*** Source information Section Begins ***
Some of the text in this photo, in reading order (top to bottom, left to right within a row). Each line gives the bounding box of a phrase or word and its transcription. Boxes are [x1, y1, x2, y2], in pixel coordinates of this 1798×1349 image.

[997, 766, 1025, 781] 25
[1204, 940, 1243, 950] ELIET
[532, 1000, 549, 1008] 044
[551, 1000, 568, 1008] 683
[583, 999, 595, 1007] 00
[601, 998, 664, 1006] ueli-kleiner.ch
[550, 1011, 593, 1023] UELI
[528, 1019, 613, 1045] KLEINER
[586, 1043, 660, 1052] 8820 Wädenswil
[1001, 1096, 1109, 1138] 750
*** Source information Section Ends ***
# Task goal
Set down the data once more, word for word.

# Written solution
Some of the text in this photo, in reading order (top to bottom, left to right within a row). Each line gives the bounding box of a phrase or word and its transcription. Boxes are [x1, y1, x2, y2], in pixel coordinates of this 1798×1349 image.

[997, 766, 1025, 781] 25
[1204, 940, 1243, 950] ELIET
[532, 1000, 549, 1008] 044
[551, 1000, 568, 1008] 683
[583, 999, 595, 1007] 00
[601, 998, 664, 1006] ueli-kleiner.ch
[550, 1011, 593, 1023] UELI
[528, 1019, 613, 1045] KLEINER
[586, 1043, 660, 1052] 8820 Wädenswil
[1001, 1096, 1109, 1138] 750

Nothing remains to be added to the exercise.